On Saturday April 4, 2009, a panel on “Ancient World and e-Science”, organized by the Digital Classicist, was held at the Classical Association Annual Meeting at the University of Glasgow (full abstracts in GoogleDoc). The speakers and titles listed were:
- Ryan Baumann & Gabriel Bodard, 3D Visualization and Digitization of Epigraphic Materials
- Stuart Dunn, Seeing into the Past: Visualization, the ancient world, and the e-Science programme
- Brian Fuchs, Rashmi Singhal, Jazz Mack Smith, & Gregory Crane, PhiloGrid: A Web Toolkit for the Ancient World
- Caroline Macé, Ilse deVos, & Philippe Baret, Can phylogenetics methods help to cure contaminated textual traditions?
There was a slight change to the line-up on the day as Stuart Dunn’s attempts to reach Glasgow were scuppered by the incompetence of a budget airline: the three remaining papers were followed by 20 minutes open discussion, and then slightly early adjournment to the hotel bar.
Baumann spoke about the difficulties of reading, photographing, and visualizing curse tablets in general, and the steatite fragments from Amathous in Cyprus especially, which are translucent and therefore resistent to both normal photography and even the laser imaging used to take high-resolution 3-D images of inscribed objects. He then showed examples of a lead tablet (DT 25) which has degraded further in the century since it was transcribed, and argued that the high quality imaging this project is piloting is an important conservation exercise as well as having potential for improving the interpretation and transcription of the texts. The remainder of the presentation was a demonstration of some of the techniques for taking and manipulating 3-D readings using the laser scanner.

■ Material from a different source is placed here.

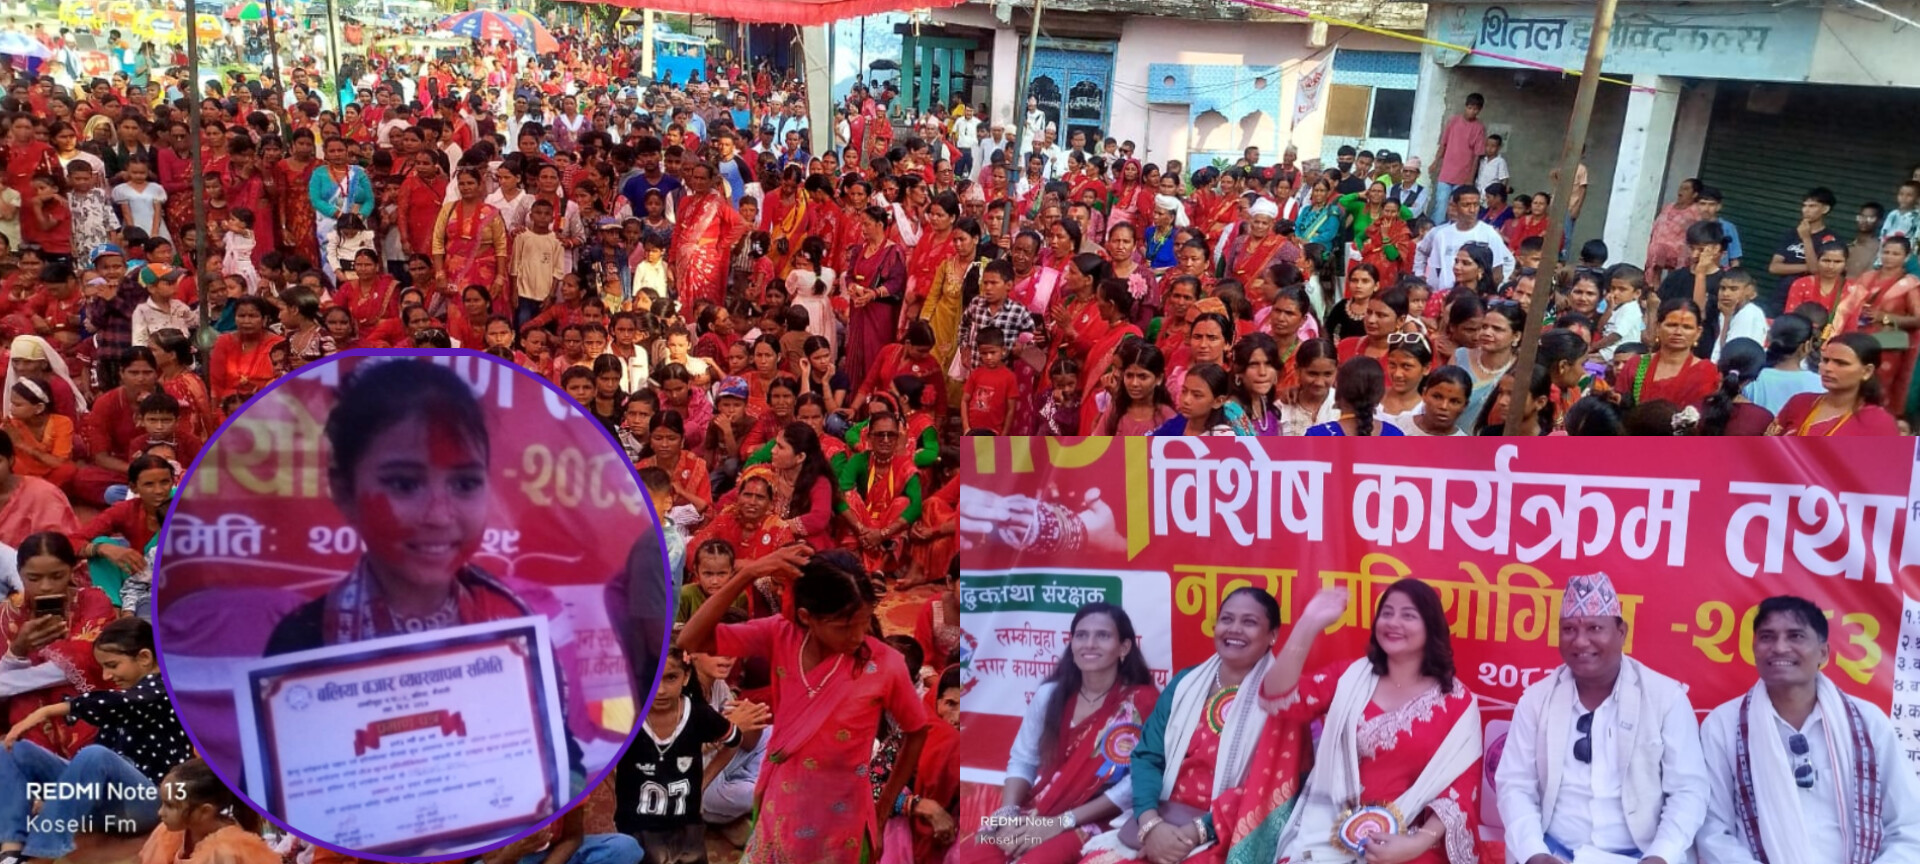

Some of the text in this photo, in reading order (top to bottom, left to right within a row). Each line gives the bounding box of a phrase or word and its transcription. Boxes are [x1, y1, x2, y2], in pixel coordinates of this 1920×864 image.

Fuchs gave a detailed history of and report on the PhiloGrid services, created by Imperial College London and the Perseus Project as part of a JISC/NEH Transatlantic collaborative digitization grant from 2008-09. He summarised the objectives and achievements of the project, including the mounting of Perseus web services such as lexical and morphological tools, the construction of a citation framework based on FRBR, and the digitization of new content. He also gave an introduction to and invited all present to attend a workshop on Arabic web services to be held at Imperial College London on Wednesday May 13 (further details to be announced here soon).
Macé and de Vos introduced the work carried out by classicists and generic biologists at the Université Catholique de Louvain on using statistical and probabilistic phylogenetic software to try and reconstruct the stemma of a contaminated manuscript tradition. They tested the phylogenetic algorithms for fitness for this task by creating a fictional manuscript tradition for a small section of the text of Proclus, including both horizontal and vertical contamination. Two phylogenetic methods—parsimony analysis and bootstrap analysis—were applied to the data, with mixed results. Vertical contamination in particular still defeats the generic technologies, but further work may improve the accuracy of such tools. (This work, needless to say, will also result in more robust algorithms and methodologies for the biologists, so this is a true e-Science interdisciplinary collaboration that really does have research interest for both fields.)
Many thanks to all who contributed to this panel, including the audience members who took part in the lively discussion afterward. Clearly there is a call for discussion of e-Science issues at Classics venues.